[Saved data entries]
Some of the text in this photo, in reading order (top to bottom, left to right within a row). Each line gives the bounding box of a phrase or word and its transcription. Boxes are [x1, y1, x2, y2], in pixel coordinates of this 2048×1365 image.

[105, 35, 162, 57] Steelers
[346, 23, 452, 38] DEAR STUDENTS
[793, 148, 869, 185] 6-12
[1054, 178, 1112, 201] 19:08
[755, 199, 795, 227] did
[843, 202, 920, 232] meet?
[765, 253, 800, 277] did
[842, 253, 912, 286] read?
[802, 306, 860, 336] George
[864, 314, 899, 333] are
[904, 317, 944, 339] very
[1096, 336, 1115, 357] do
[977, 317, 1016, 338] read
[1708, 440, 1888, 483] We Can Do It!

THE TASK: Reproduce the records word for word.

EXPECTED ANSWER:
Some of the text in this photo, in reading order (top to bottom, left to right within a row). Each line gives the bounding box of a phrase or word and its transcription. Boxes are [x1, y1, x2, y2], in pixel coordinates of this 2048×1365 image.

[105, 35, 162, 57] Steelers
[346, 23, 452, 38] DEAR STUDENTS
[793, 148, 869, 185] 6-12
[1054, 178, 1112, 201] 19:08
[755, 199, 795, 227] did
[843, 202, 920, 232] meet?
[765, 253, 800, 277] did
[842, 253, 912, 286] read?
[802, 306, 860, 336] George
[864, 314, 899, 333] are
[904, 317, 944, 339] very
[1096, 336, 1115, 357] do
[977, 317, 1016, 338] read
[1708, 440, 1888, 483] We Can Do It!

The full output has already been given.